* [Exercise directions] Each line of the material must be reproduced exactly; pictures stay out.

◆ ◆ ◆ ◆

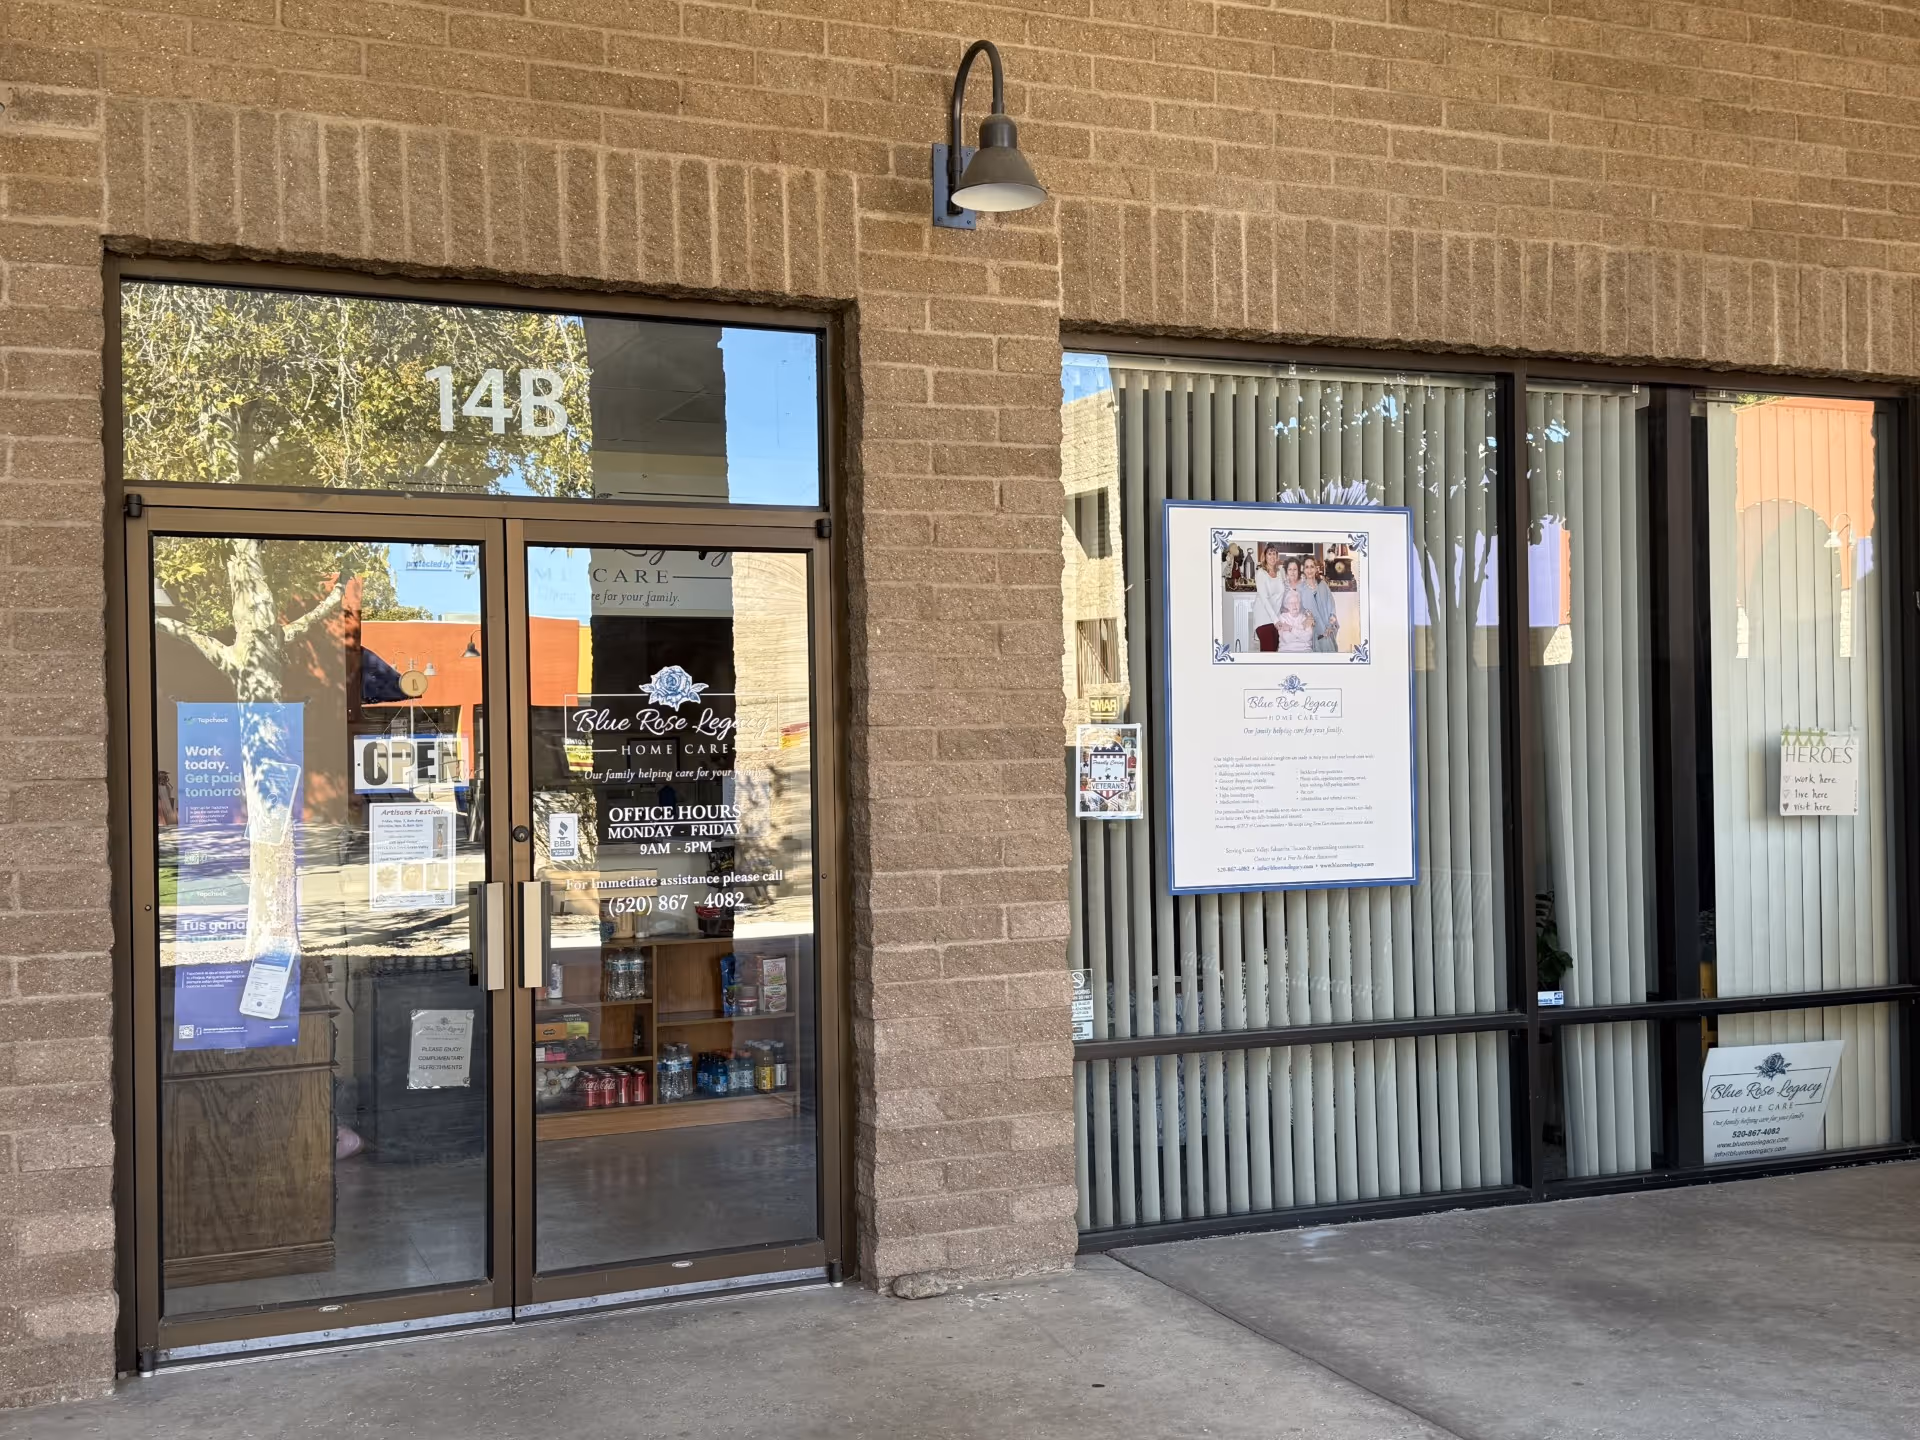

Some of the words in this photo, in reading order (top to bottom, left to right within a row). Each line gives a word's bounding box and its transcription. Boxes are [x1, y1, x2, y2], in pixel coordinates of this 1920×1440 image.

[424, 365, 568, 437] 14B
[406, 560, 441, 569] protected
[592, 568, 669, 584] CARE
[600, 590, 617, 605] for
[620, 593, 643, 605] your
[646, 591, 681, 607] family.
[1247, 696, 1274, 709] Blue
[1276, 696, 1300, 711] Rose
[1301, 695, 1338, 714] Legacy
[572, 708, 631, 733] Blue
[636, 708, 688, 732] Rose
[184, 745, 222, 757] Work
[621, 744, 673, 755] HOME
[685, 743, 730, 754] CARE
[1785, 746, 1854, 765] HEROES
[184, 759, 230, 773] today.
[363, 740, 463, 786] OPEN
[185, 773, 210, 784] Get
[212, 772, 242, 787] paid
[584, 770, 602, 781] Our
[602, 769, 635, 784] family
[638, 768, 673, 782] helping
[675, 769, 694, 778] care
[694, 767, 709, 781] for
[709, 769, 732, 781] your
[1794, 774, 1815, 784] work
[1819, 773, 1837, 784] here
[1092, 782, 1124, 790] VETERANS
[1795, 788, 1808, 798] live
[1812, 788, 1828, 798] here
[608, 806, 674, 823] OFFICE
[677, 803, 742, 820] HOURS
[1794, 801, 1810, 811] visit
[1814, 801, 1832, 811] here
[607, 825, 675, 840] MONDAY
[690, 823, 743, 837] FRIDAY
[553, 840, 572, 848] BBB
[640, 842, 670, 856] 9AM
[684, 841, 713, 854] 5PM
[565, 879, 587, 891] For
[660, 874, 720, 887] assistance
[722, 871, 760, 887] please
[762, 869, 783, 882] call
[608, 896, 653, 918] (520)
[658, 894, 689, 911] 867
[703, 891, 746, 909] 4082
[1710, 1083, 1743, 1100] Blue
[1746, 1081, 1775, 1100] Rose
[1777, 1079, 1822, 1101] Legacy
[1731, 1104, 1763, 1114] HOME
[1768, 1102, 1795, 1111] CARE
[1731, 1127, 1781, 1139] 520-867-4082
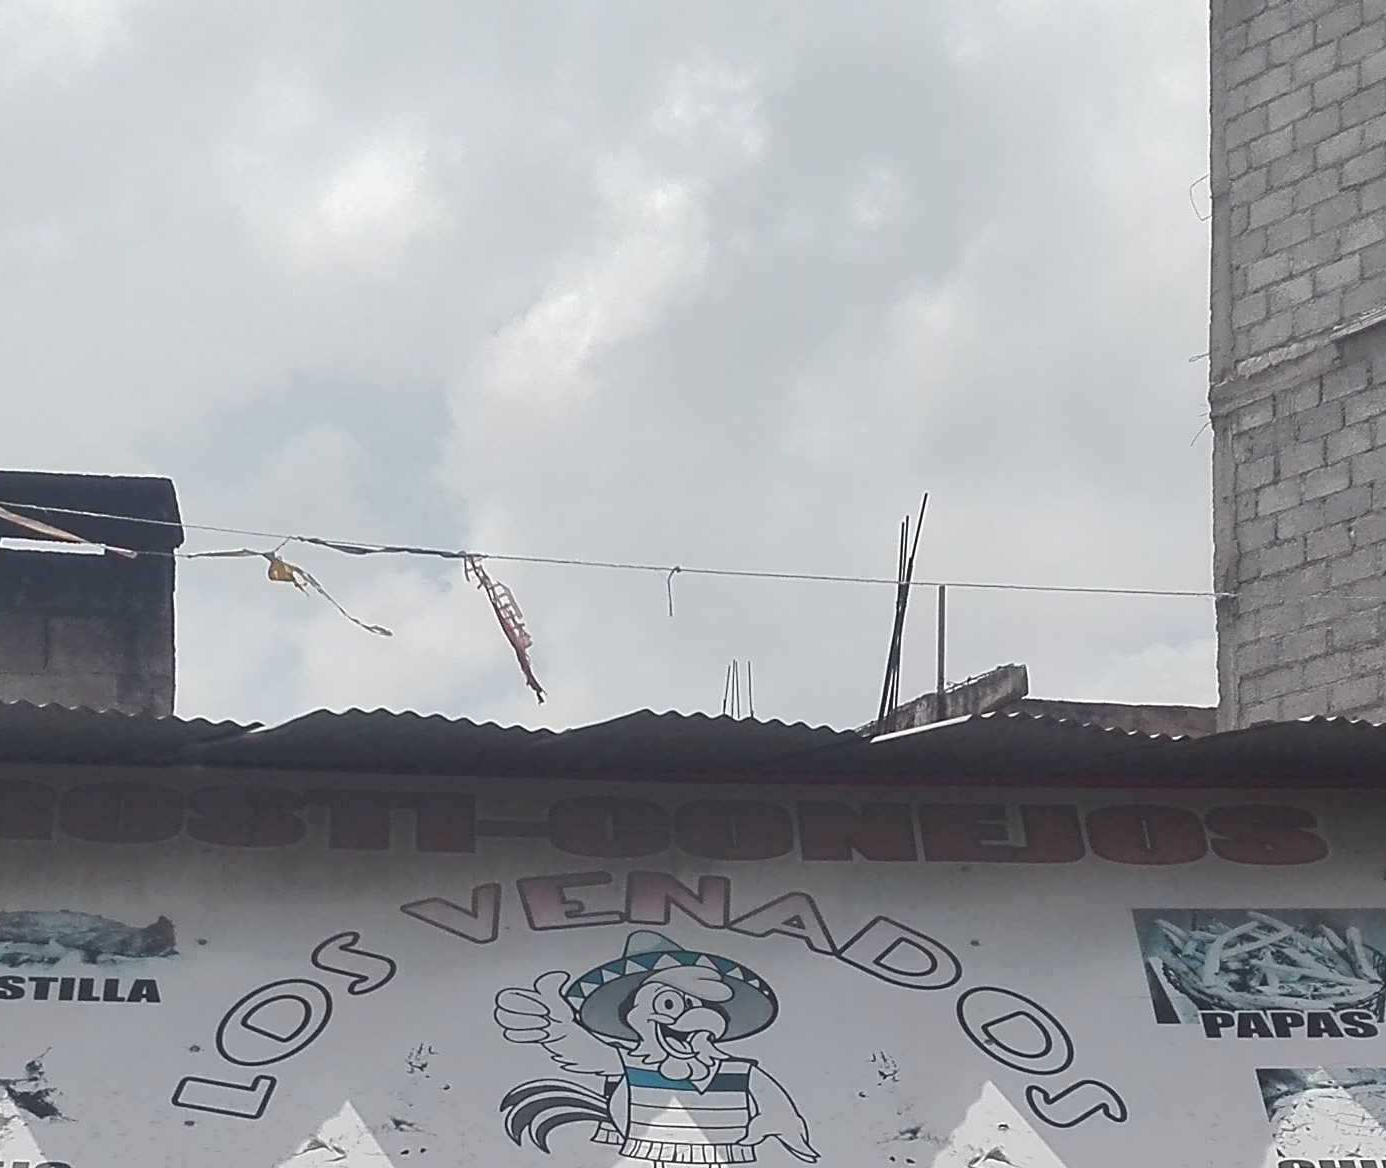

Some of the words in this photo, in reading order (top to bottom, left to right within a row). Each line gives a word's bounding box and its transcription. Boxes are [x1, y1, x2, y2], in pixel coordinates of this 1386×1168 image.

[171, 931, 396, 1119] LOS
[401, 870, 1127, 1127] VENADOS
[1204, 1010, 1379, 1039] PAPAS

◆ ◆ ◆ ◆

* [Answer to this task]
Some of the words in this photo, in reading order (top to bottom, left to right within a row). Each line gives a word's bounding box and its transcription. Boxes are [x1, y1, x2, y2], in pixel coordinates of this 1920×1440 image.

[424, 365, 568, 437] 14B
[406, 560, 441, 569] protected
[592, 568, 669, 584] CARE
[600, 590, 617, 605] for
[620, 593, 643, 605] your
[646, 591, 681, 607] family.
[1247, 696, 1274, 709] Blue
[1276, 696, 1300, 711] Rose
[1301, 695, 1338, 714] Legacy
[572, 708, 631, 733] Blue
[636, 708, 688, 732] Rose
[184, 745, 222, 757] Work
[621, 744, 673, 755] HOME
[685, 743, 730, 754] CARE
[1785, 746, 1854, 765] HEROES
[184, 759, 230, 773] today.
[363, 740, 463, 786] OPEN
[185, 773, 210, 784] Get
[212, 772, 242, 787] paid
[584, 770, 602, 781] Our
[602, 769, 635, 784] family
[638, 768, 673, 782] helping
[675, 769, 694, 778] care
[694, 767, 709, 781] for
[709, 769, 732, 781] your
[1794, 774, 1815, 784] work
[1819, 773, 1837, 784] here
[1092, 782, 1124, 790] VETERANS
[1795, 788, 1808, 798] live
[1812, 788, 1828, 798] here
[608, 806, 674, 823] OFFICE
[677, 803, 742, 820] HOURS
[1794, 801, 1810, 811] visit
[1814, 801, 1832, 811] here
[607, 825, 675, 840] MONDAY
[690, 823, 743, 837] FRIDAY
[553, 840, 572, 848] BBB
[640, 842, 670, 856] 9AM
[684, 841, 713, 854] 5PM
[565, 879, 587, 891] For
[660, 874, 720, 887] assistance
[722, 871, 760, 887] please
[762, 869, 783, 882] call
[608, 896, 653, 918] (520)
[658, 894, 689, 911] 867
[703, 891, 746, 909] 4082
[1710, 1083, 1743, 1100] Blue
[1746, 1081, 1775, 1100] Rose
[1777, 1079, 1822, 1101] Legacy
[1731, 1104, 1763, 1114] HOME
[1768, 1102, 1795, 1111] CARE
[1731, 1127, 1781, 1139] 520-867-4082

Some of the words in this photo, in reading order (top to bottom, left to right within a row). Each line gives a word's bounding box and its transcription. Boxes are [x1, y1, x2, y2], in pixel coordinates of this 1386×1168 image.

[171, 931, 396, 1119] LOS
[401, 870, 1127, 1127] VENADOS
[1204, 1010, 1379, 1039] PAPAS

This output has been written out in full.